_TASK GOAL_
Omit every picture. Return all other data as it stands.

_RECORDS FOR PROCESSING_
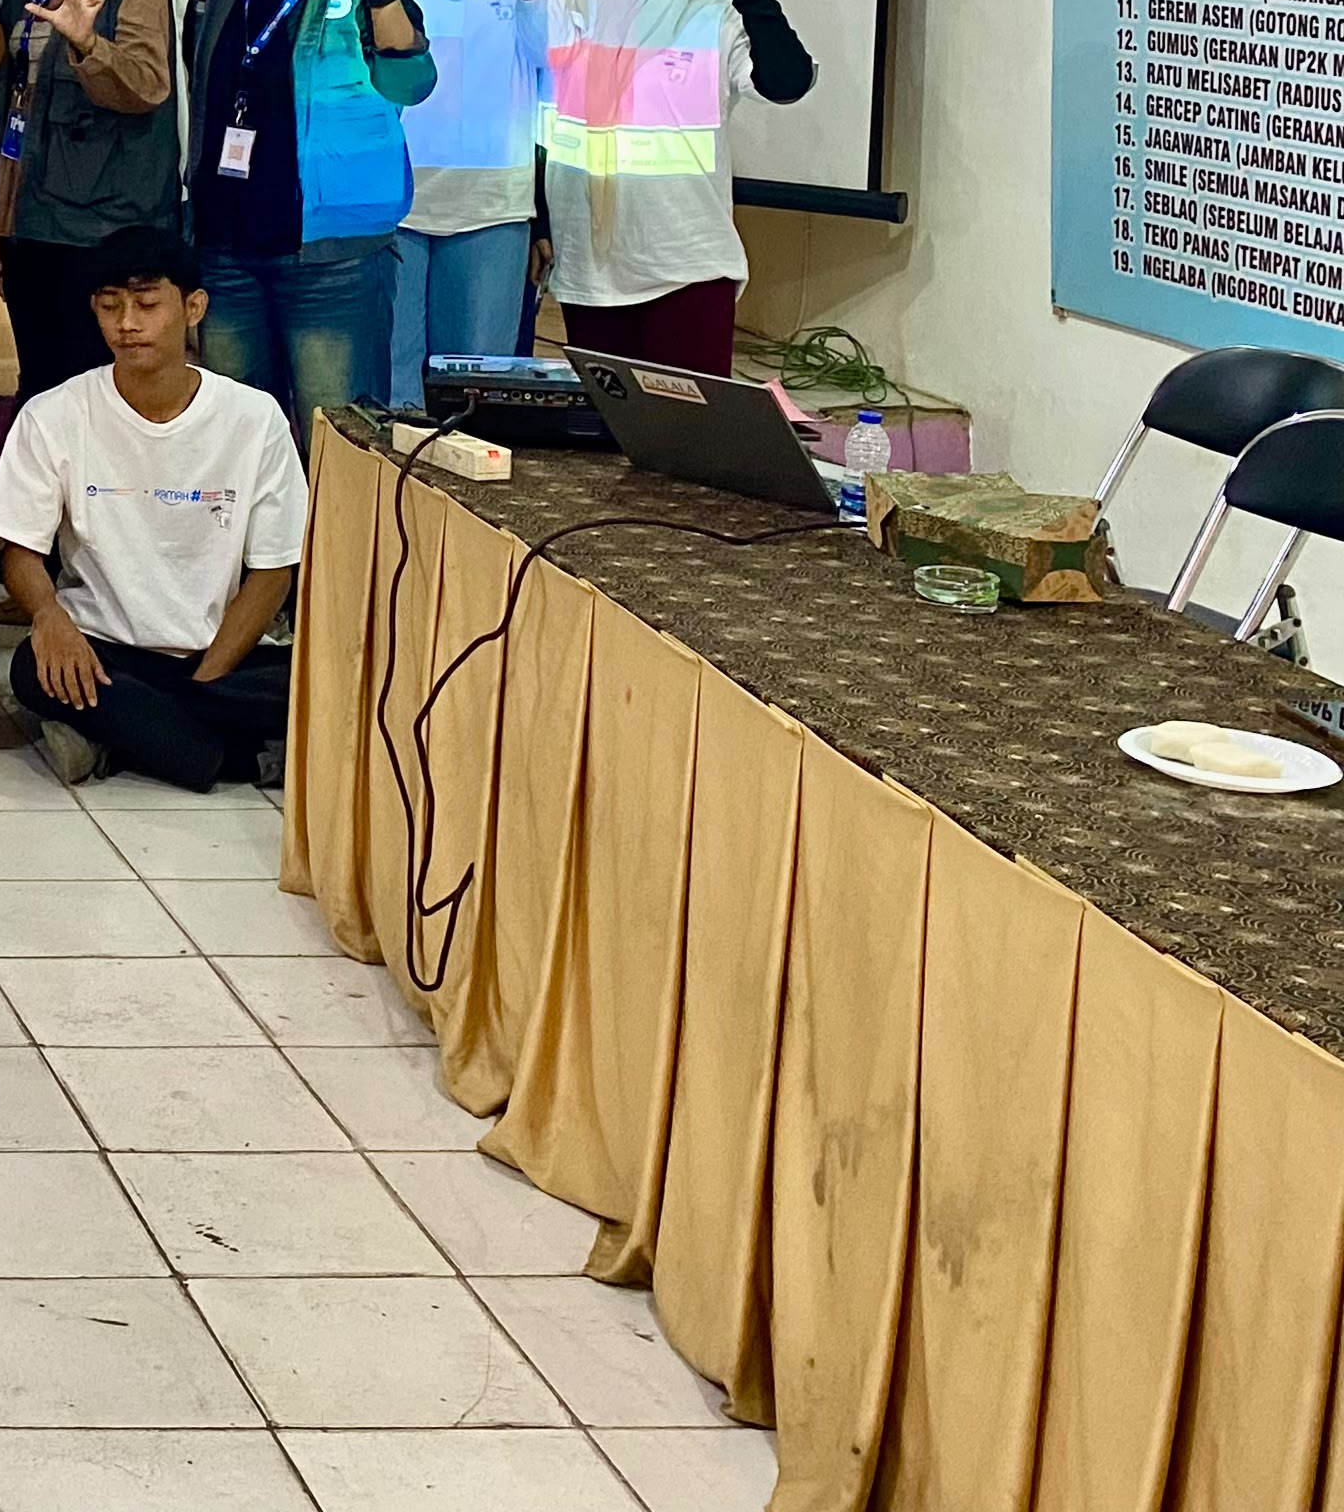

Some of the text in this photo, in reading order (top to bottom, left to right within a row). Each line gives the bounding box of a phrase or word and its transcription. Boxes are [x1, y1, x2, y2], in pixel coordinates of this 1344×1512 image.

[1202, 2, 1243, 30] ASEM
[1250, 9, 1320, 39] (GOTONG
[1117, 29, 1137, 52] 12.
[1147, 30, 1199, 58] GUMUS
[1203, 37, 1279, 68] (GERAKAN
[1285, 47, 1328, 75] UP2K
[1115, 92, 1136, 115] 14.
[1146, 95, 1201, 123] GERCEP
[1207, 105, 1260, 134] CATING
[1116, 60, 1342, 112] 13. RATU MELISABET (RADIUS
[1115, 124, 1344, 185] 15. JAGAWARTA (JAMBAN KEL
[1114, 156, 1135, 179] 16.
[1144, 159, 1188, 188] SMILE
[1192, 168, 1249, 200] (SEMUA
[1255, 180, 1331, 217] MASAKAN
[1114, 187, 1135, 211] 17.
[1144, 190, 1197, 225] SEBLAQ
[1203, 203, 1278, 241] (SEBELUM
[1112, 249, 1134, 274] 19.
[1143, 254, 1207, 290] NGELABA
[1211, 272, 1288, 312] (NGOBROL
[1113, 219, 1343, 291] 18. TEKO PANAS (TEMPAT KOM

_PROBLEM SOLUTION_
Some of the text in this photo, in reading order (top to bottom, left to right within a row). Each line gives the bounding box of a phrase or word and its transcription. Boxes are [x1, y1, x2, y2], in pixel coordinates of this 1344×1512 image.

[1202, 2, 1243, 30] ASEM
[1250, 9, 1320, 39] (GOTONG
[1117, 29, 1137, 52] 12.
[1147, 30, 1199, 58] GUMUS
[1203, 37, 1279, 68] (GERAKAN
[1285, 47, 1328, 75] UP2K
[1115, 92, 1136, 115] 14.
[1146, 95, 1201, 123] GERCEP
[1207, 105, 1260, 134] CATING
[1116, 60, 1342, 112] 13. RATU MELISABET (RADIUS
[1115, 124, 1344, 185] 15. JAGAWARTA (JAMBAN KEL
[1114, 156, 1135, 179] 16.
[1144, 159, 1188, 188] SMILE
[1192, 168, 1249, 200] (SEMUA
[1255, 180, 1331, 217] MASAKAN
[1114, 187, 1135, 211] 17.
[1144, 190, 1197, 225] SEBLAQ
[1203, 203, 1278, 241] (SEBELUM
[1112, 249, 1134, 274] 19.
[1143, 254, 1207, 290] NGELABA
[1211, 272, 1288, 312] (NGOBROL
[1113, 219, 1343, 291] 18. TEKO PANAS (TEMPAT KOM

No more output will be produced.